**TASK STATEMENT**
Nothing should be left out when you copy the entries below.

-------- DATASET --------

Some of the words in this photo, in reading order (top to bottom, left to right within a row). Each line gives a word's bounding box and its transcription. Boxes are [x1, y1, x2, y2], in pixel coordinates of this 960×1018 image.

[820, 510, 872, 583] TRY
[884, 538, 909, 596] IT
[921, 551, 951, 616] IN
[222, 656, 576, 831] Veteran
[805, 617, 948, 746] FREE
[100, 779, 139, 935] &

--------

**SOLVED EXERCISE**
Some of the words in this photo, in reading order (top to bottom, left to right within a row). Each line gives a word's bounding box and its transcription. Boxes are [x1, y1, x2, y2], in pixel coordinates of this 960×1018 image.

[820, 510, 872, 583] TRY
[884, 538, 909, 596] IT
[921, 551, 951, 616] IN
[222, 656, 576, 831] Veteran
[805, 617, 948, 746] FREE
[100, 779, 139, 935] &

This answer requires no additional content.